JAMES PADIET ANGOK: Desde nossa independência, em 9 de julho, começamos a desenhar nossa política externa e a determinar em quais países podemos abrir embaixadas. Estabelecemos várias fases: este ano vamos abrir embaixadas nos 21 países onde já tínhamos escritórios e missões diplomáticas, como Estados Unidos, Canadá, Grã-Bretanha, Quênia, África do Sul e Uganda, entre outros. Nesta primeira fase, estamos enviando nossos diplomatas aos escritórios já estabelecidos. Ainda não temos missões na América do Sul. Na segunda fase, vamos elevar o número para 36 embaixadas, e aí entra o Brasil, em 2012. Agregaremos também novas legações em países como Suíça, Holanda e França, na Europa, e Índia, Indonésia, China, Japão e Malásia, na Ásia.
IPS: O senhor participa do II Curso para Diplomatas Africanos oferecido pela chancelaria brasileira no Rio de Janeiro. Por que o interesse? O que pensa que pode dar aos países africanos?
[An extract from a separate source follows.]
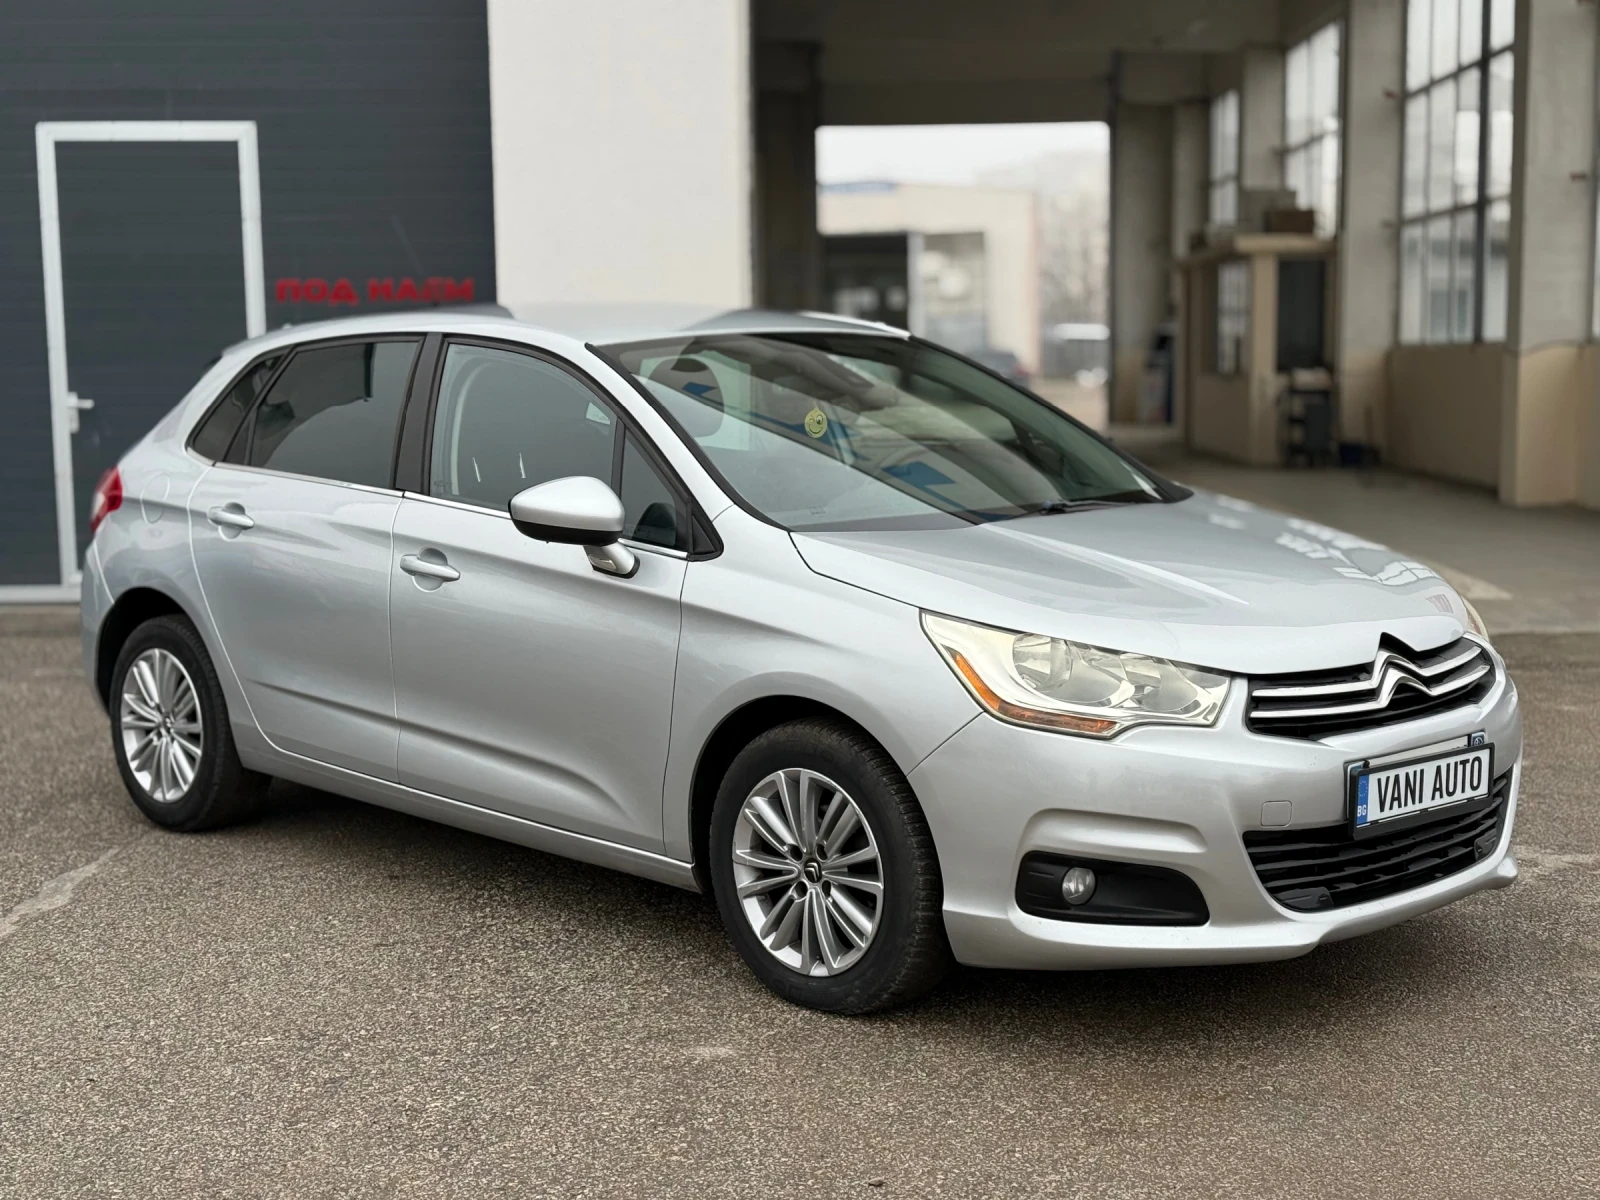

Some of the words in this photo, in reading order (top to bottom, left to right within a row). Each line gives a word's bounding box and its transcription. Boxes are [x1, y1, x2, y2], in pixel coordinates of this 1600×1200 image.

[275, 277, 359, 306] ПОД
[1377, 768, 1424, 813] VANI
[1431, 756, 1483, 801] AUTO
[1357, 804, 1367, 818] BG
JPO: Somos três participando do curso, e um de nós dará um seminário. Queremos mostrar ao Brasil o contexto com o qual chegamos à nossa independência, conhecer como este país conduz sua diplomacia e encontrar formas de cooperar. Uma das coisas mais importantes que podemos aprender com o Brasil é como preservar a diplomacia da política partidária. O Brasil teve êxito nisso e mantém a tradição de sua política externa. Também nos interessa aprender a parte prática da diplomacia, especialmente em matéria de guerra e de paz, com a finalidade de resolver problemas mediante soluções negociadas, em lugar da violência.
IPS: Acredita que o Brasil pode ajudar a consolidar a diplomacia de seu país?
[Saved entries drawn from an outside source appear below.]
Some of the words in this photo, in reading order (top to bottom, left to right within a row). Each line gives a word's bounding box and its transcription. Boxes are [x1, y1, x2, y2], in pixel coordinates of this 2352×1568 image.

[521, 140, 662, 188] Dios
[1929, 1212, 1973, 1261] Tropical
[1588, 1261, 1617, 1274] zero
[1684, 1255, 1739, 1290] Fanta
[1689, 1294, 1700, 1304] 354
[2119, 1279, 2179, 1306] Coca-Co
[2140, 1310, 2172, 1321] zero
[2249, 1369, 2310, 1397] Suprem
JPO: Temos interesse em como traduz seus valores no programa de treinamento e formação de diplomatas. Defendo o uso de uma diplomacia profissional, e é isso que vejo no Brasil, e é exatamente o que queremos para o Sudão do Sul. Estamos criando um novo instituto diplomático e descobrimos que o Brasil é um dos melhores em matéria de prática diplomática. Consegue lidar com inúmeros interesses políticos na diplomacia nacional sem que esta se incline pelas posições deste ou daquele partido. E se há uma mudança no governo, isso tampouco altera a política externa.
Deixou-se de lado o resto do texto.